A day later, Dec. 8, 2009, Jeffrey Tidus, 53, — a prominent attorney — was dead of a single gunshot wound.
Three years later, the slaying, the only one anyone can recall in Rolling Hills Estates, remains unsolved.
"It was an execution," said Det. Bob Kenney, a Los Angeles County sheriff's deputy working on the case.
Family and friends have offered a $90,000 reward, and the L.A. County Board of Supervisors has kicked in $10,000 more.
"I'm convinced we'll have an answer," Sheryl Tidus said, "because I can't live any other way."
Detectives have pored over Tidus' work and home computers for clues, and looked at his legal cases. Sheryl Tidus is quick to point out that her husband was a civil litigator, not a criminal or family law attorney involved in cases where emotions are pushed to the limit.
He worked with a number of well-known clients, including New Century Financial, Isuzu Motors, California Federal Savings and Tokai Bank. In the last year of his life, Tidus had won a number of large settlements, Sheryl Tidus said.
Neither she nor her husband had been worried about their safety. "Never in a million years," she said.
Kenney said there are "people of interest" in the case. One, the detective said, is former Los Angeles tax attorney Christopher Gruys, from whom a Tidus client won an $11.2-million judgment in 2007. Gruys' name surfaced in connection with the case shortly after Tidus' death.
During a deposition two years earlier, Gruys pulled out a camera and photographed Tidus and made what Tidus interpreted as a threat. The lawyer called Los Angeles police and obtained a restraining order against Gruys.
The State Bar of California placed Gruys on interim suspension in April 2007 after he was convicted of possession of an assault weapon. He gave up his license to practice law in California later that year.
Tidus had told his wife about the threat but told her not to worry.
The family had so little concern about their safety that Sheryl Tidus would leave the laundry room door open so their dogs could come in from the rain. Not any longer.
Gruys' attorney, Tom Brown, said investigators have not interviewed his client. "It's not unusual for someone who was an adversary to be looked at," Brown said.
Tidus had served as president of the young lawyer section of the Los Angeles County Bar Assn. and was on the State Bar's Board of Governors, as well as the bar's Committee on Professional Responsibility and Conduct.

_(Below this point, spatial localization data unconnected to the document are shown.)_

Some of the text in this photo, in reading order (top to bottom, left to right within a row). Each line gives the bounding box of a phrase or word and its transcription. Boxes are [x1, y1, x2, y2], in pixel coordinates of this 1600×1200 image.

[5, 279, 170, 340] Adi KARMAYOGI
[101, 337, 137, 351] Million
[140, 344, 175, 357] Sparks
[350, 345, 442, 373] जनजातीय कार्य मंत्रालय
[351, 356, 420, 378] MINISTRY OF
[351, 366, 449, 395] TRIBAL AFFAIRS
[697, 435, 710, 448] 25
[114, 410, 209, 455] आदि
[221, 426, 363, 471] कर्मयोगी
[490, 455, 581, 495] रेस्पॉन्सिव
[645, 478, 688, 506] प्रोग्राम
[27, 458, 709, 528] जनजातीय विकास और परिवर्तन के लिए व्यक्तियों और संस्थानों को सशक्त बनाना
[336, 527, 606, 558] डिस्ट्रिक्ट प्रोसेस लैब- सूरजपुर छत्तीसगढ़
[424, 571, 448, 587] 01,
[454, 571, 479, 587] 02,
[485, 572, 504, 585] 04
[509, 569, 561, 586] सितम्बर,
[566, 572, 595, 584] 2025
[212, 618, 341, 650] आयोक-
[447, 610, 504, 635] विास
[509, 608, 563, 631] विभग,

He was one of the biggest donors to the Union Rescue Mission in downtown Los Angeles, and was known to represent some clients for free. One pro bono client was a Polish woman who had saved the lives of at least 12 Jews during World War II. She alleged that a film producer had manipulated her into giving him the rights to her story. As the jury was about to read its verdict, the two sides reached a confidential settlement, giving Irene Guy Opdyke back the rights to her story.

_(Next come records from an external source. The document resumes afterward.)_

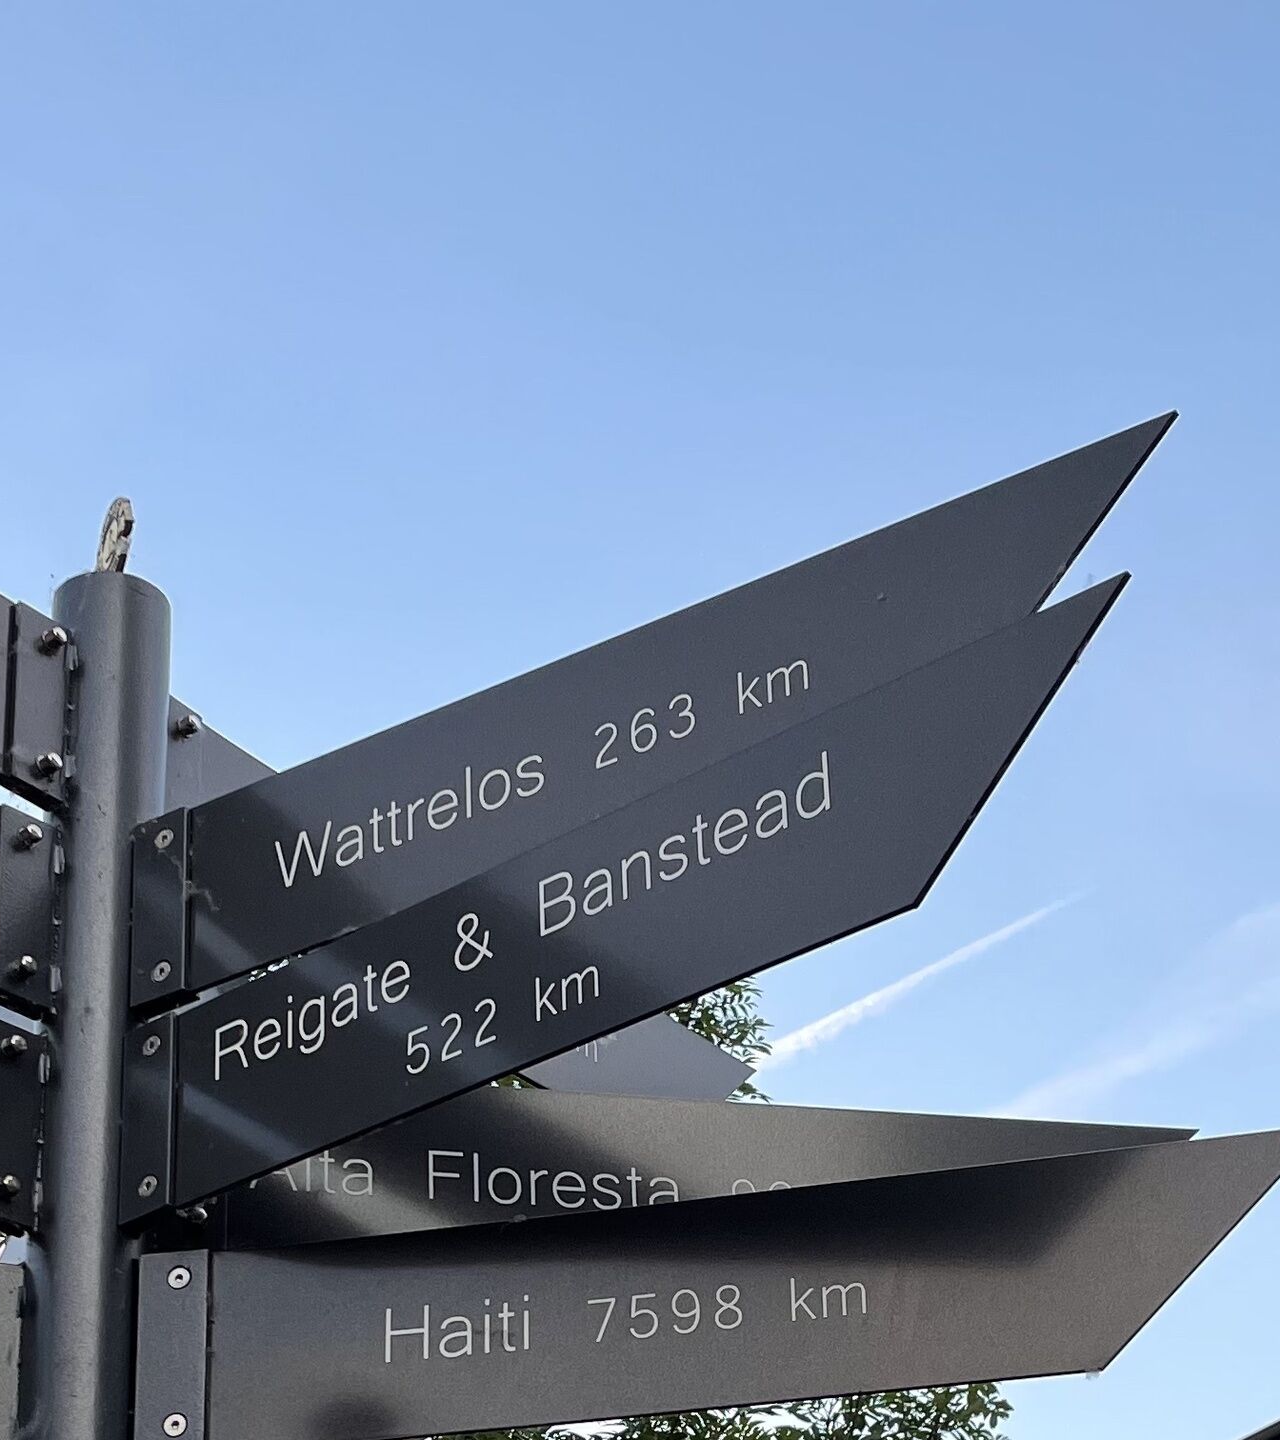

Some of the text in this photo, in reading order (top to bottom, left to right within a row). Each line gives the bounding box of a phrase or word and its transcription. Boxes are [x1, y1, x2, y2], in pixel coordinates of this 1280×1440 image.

[274, 656, 811, 889] Wattrelos 263 km
[212, 750, 835, 1082] Reigate & Banstead
[405, 964, 601, 1076] 522 km
[428, 1150, 680, 1211] Floresta
[383, 1276, 868, 1363] Haiti 7598 km
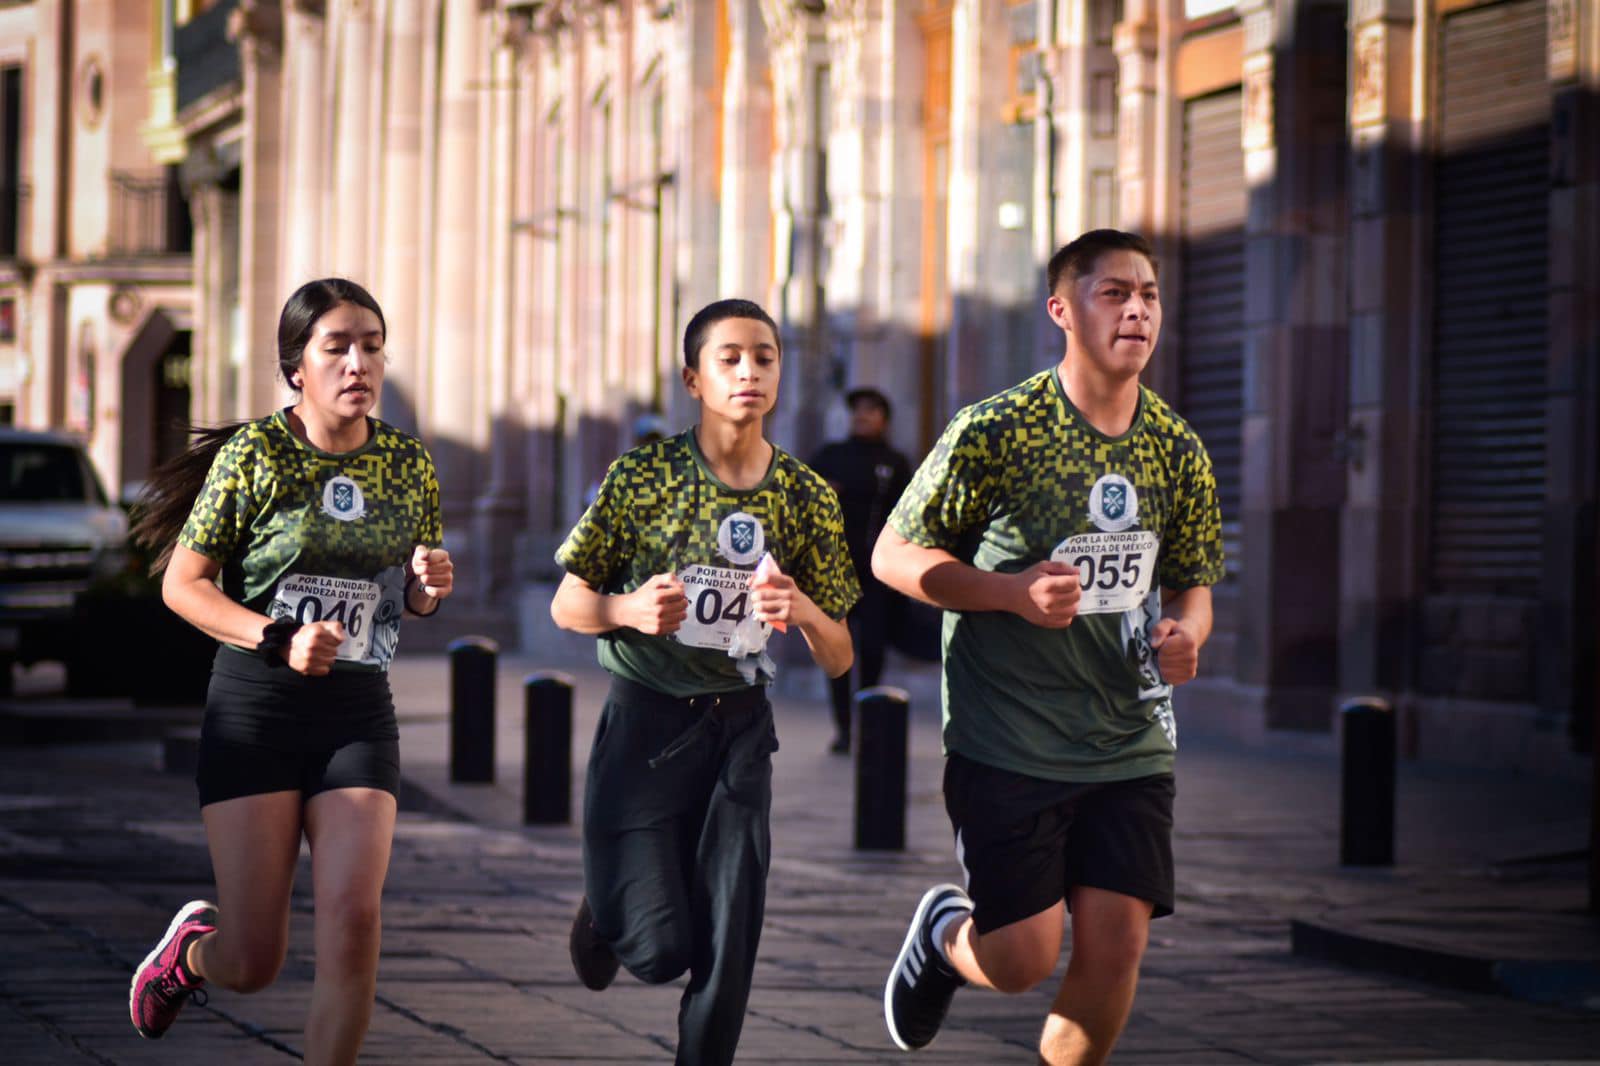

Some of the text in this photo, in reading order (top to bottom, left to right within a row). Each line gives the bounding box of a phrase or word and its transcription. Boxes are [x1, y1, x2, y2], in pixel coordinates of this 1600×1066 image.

[1071, 533, 1146, 544] POR LA UNIDAD Y
[1058, 545, 1107, 554] GRANDEZA
[1108, 544, 1119, 552] DE
[697, 568, 717, 577] POR
[720, 570, 732, 579] LA
[1073, 554, 1142, 591] 055
[299, 577, 318, 585] POR
[320, 577, 333, 587] LA
[683, 575, 736, 590] GRANDEZA
[284, 583, 336, 598] GRANDEZA
[338, 590, 350, 599] DE

When he was killed, Tidus, a dedicated runner, was training for the L.A. Marathon to raise money for the Leukemia and Lymphoma Society.
Sheryl Tidus and Tidus' sister, Amy Zeidler, walked the marathon in his place, although they didn't complete it. "We did our best," Sheryl Tidus said. "I felt a need to be there." They raised $50,000, Zeidler said.
Sheryl Tidus, 54, walked part of the course in 2012, wearing a button that said, "I walk for Jeff."
Sheryl Tidus still wears her wedding ring, along with her husband's. Their daughter wears the watch her father received from his grandfather on his bar mitzvah.
Sheryl Tidus is angry that the legal community has not agitated harder to help find her husband's killer. "Someone was gunned down for doing his job," she said. "There has been no help from any legal association or the bar. That's sad and disappointing. He gave so much time to his own profession, yet they're amazingly silent. That's shameful."